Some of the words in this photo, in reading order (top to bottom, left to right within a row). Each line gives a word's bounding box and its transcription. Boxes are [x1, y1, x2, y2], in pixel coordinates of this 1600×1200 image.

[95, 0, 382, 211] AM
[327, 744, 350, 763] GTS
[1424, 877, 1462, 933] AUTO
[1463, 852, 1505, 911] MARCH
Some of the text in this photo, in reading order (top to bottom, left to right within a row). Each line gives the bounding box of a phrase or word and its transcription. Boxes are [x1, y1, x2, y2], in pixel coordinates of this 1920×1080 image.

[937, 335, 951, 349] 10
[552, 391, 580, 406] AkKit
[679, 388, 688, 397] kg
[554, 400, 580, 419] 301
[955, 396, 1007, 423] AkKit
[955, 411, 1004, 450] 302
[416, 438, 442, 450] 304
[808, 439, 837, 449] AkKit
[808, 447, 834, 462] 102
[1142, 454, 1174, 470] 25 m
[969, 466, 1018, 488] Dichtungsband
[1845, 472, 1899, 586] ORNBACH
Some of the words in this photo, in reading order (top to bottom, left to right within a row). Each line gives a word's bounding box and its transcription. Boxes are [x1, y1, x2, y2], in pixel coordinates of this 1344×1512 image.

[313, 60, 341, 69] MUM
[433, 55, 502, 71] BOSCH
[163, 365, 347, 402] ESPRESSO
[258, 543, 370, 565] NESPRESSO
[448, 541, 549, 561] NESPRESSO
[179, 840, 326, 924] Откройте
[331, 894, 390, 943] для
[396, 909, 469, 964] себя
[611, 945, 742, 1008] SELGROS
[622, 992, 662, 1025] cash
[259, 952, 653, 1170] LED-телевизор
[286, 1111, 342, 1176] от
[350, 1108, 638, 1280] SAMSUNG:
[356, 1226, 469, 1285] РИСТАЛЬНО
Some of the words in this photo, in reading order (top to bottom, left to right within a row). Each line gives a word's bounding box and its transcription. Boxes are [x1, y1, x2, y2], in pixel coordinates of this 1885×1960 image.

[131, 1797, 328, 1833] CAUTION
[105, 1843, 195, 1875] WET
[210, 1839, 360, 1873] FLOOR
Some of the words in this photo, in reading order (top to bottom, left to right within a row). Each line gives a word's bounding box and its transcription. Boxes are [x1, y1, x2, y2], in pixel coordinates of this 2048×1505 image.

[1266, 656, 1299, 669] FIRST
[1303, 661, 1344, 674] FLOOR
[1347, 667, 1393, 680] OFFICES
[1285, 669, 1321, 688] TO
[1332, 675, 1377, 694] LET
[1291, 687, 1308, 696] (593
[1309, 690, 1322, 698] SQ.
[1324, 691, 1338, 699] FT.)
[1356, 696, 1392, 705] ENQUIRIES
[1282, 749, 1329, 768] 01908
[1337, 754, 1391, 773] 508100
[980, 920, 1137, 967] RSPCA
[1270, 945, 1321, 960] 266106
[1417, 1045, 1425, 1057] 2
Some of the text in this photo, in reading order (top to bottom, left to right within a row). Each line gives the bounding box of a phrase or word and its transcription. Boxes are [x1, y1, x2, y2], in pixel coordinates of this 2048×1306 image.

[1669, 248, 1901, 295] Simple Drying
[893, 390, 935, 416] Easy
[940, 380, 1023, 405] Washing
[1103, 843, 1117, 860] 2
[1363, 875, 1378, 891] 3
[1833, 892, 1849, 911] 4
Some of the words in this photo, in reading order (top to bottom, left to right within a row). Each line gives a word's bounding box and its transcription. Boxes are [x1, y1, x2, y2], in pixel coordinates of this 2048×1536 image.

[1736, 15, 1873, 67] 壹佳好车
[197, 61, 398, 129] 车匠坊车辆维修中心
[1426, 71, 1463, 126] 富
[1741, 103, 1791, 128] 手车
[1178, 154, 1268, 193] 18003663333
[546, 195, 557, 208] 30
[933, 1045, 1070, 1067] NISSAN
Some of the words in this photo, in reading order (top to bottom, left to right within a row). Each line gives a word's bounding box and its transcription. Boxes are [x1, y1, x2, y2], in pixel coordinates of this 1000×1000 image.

□ □ □ □ □ □ □

** WORK TO COMPLETE **
All entries are to be copied exactly as they read.

** ANSWER FOR THE TASK **
Some of the words in this photo, in reading order (top to bottom, left to right within a row). Each line gives a word's bounding box and its transcription. Boxes are [x1, y1, x2, y2], in pixel coordinates of this 1600×1200 image.

[95, 0, 382, 211] AM
[327, 744, 350, 763] GTS
[1424, 877, 1462, 933] AUTO
[1463, 852, 1505, 911] MARCH
Some of the text in this photo, in reading order (top to bottom, left to right within a row). Each line gives the bounding box of a phrase or word and its transcription. Boxes are [x1, y1, x2, y2], in pixel coordinates of this 1920×1080 image.

[937, 335, 951, 349] 10
[552, 391, 580, 406] AkKit
[679, 388, 688, 397] kg
[554, 400, 580, 419] 301
[955, 396, 1007, 423] AkKit
[955, 411, 1004, 450] 302
[416, 438, 442, 450] 304
[808, 439, 837, 449] AkKit
[808, 447, 834, 462] 102
[1142, 454, 1174, 470] 25 m
[969, 466, 1018, 488] Dichtungsband
[1845, 472, 1899, 586] ORNBACH
Some of the words in this photo, in reading order (top to bottom, left to right within a row). Each line gives a word's bounding box and its transcription. Boxes are [x1, y1, x2, y2], in pixel coordinates of this 1344×1512 image.

[313, 60, 341, 69] MUM
[433, 55, 502, 71] BOSCH
[163, 365, 347, 402] ESPRESSO
[258, 543, 370, 565] NESPRESSO
[448, 541, 549, 561] NESPRESSO
[179, 840, 326, 924] Откройте
[331, 894, 390, 943] для
[396, 909, 469, 964] себя
[611, 945, 742, 1008] SELGROS
[622, 992, 662, 1025] cash
[259, 952, 653, 1170] LED-телевизор
[286, 1111, 342, 1176] от
[350, 1108, 638, 1280] SAMSUNG:
[356, 1226, 469, 1285] РИСТАЛЬНО
Some of the words in this photo, in reading order (top to bottom, left to right within a row). Each line gives a word's bounding box and its transcription. Boxes are [x1, y1, x2, y2], in pixel coordinates of this 1885×1960 image.

[131, 1797, 328, 1833] CAUTION
[105, 1843, 195, 1875] WET
[210, 1839, 360, 1873] FLOOR
Some of the words in this photo, in reading order (top to bottom, left to right within a row). Each line gives a word's bounding box and its transcription. Boxes are [x1, y1, x2, y2], in pixel coordinates of this 2048×1505 image.

[1266, 656, 1299, 669] FIRST
[1303, 661, 1344, 674] FLOOR
[1347, 667, 1393, 680] OFFICES
[1285, 669, 1321, 688] TO
[1332, 675, 1377, 694] LET
[1291, 687, 1308, 696] (593
[1309, 690, 1322, 698] SQ.
[1324, 691, 1338, 699] FT.)
[1356, 696, 1392, 705] ENQUIRIES
[1282, 749, 1329, 768] 01908
[1337, 754, 1391, 773] 508100
[980, 920, 1137, 967] RSPCA
[1270, 945, 1321, 960] 266106
[1417, 1045, 1425, 1057] 2
Some of the text in this photo, in reading order (top to bottom, left to right within a row). Each line gives the bounding box of a phrase or word and its transcription. Boxes are [x1, y1, x2, y2], in pixel coordinates of this 2048×1306 image.

[1669, 248, 1901, 295] Simple Drying
[893, 390, 935, 416] Easy
[940, 380, 1023, 405] Washing
[1103, 843, 1117, 860] 2
[1363, 875, 1378, 891] 3
[1833, 892, 1849, 911] 4
Some of the words in this photo, in reading order (top to bottom, left to right within a row). Each line gives a word's bounding box and its transcription. Boxes are [x1, y1, x2, y2], in pixel coordinates of this 2048×1536 image.

[1736, 15, 1873, 67] 壹佳好车
[197, 61, 398, 129] 车匠坊车辆维修中心
[1426, 71, 1463, 126] 富
[1741, 103, 1791, 128] 手车
[1178, 154, 1268, 193] 18003663333
[546, 195, 557, 208] 30
[933, 1045, 1070, 1067] NISSAN
Some of the words in this photo, in reading order (top to bottom, left to right within a row). Each line gives a word's bounding box and its transcription. Boxes are [x1, y1, x2, y2], in pixel coordinates of this 1000×1000 image.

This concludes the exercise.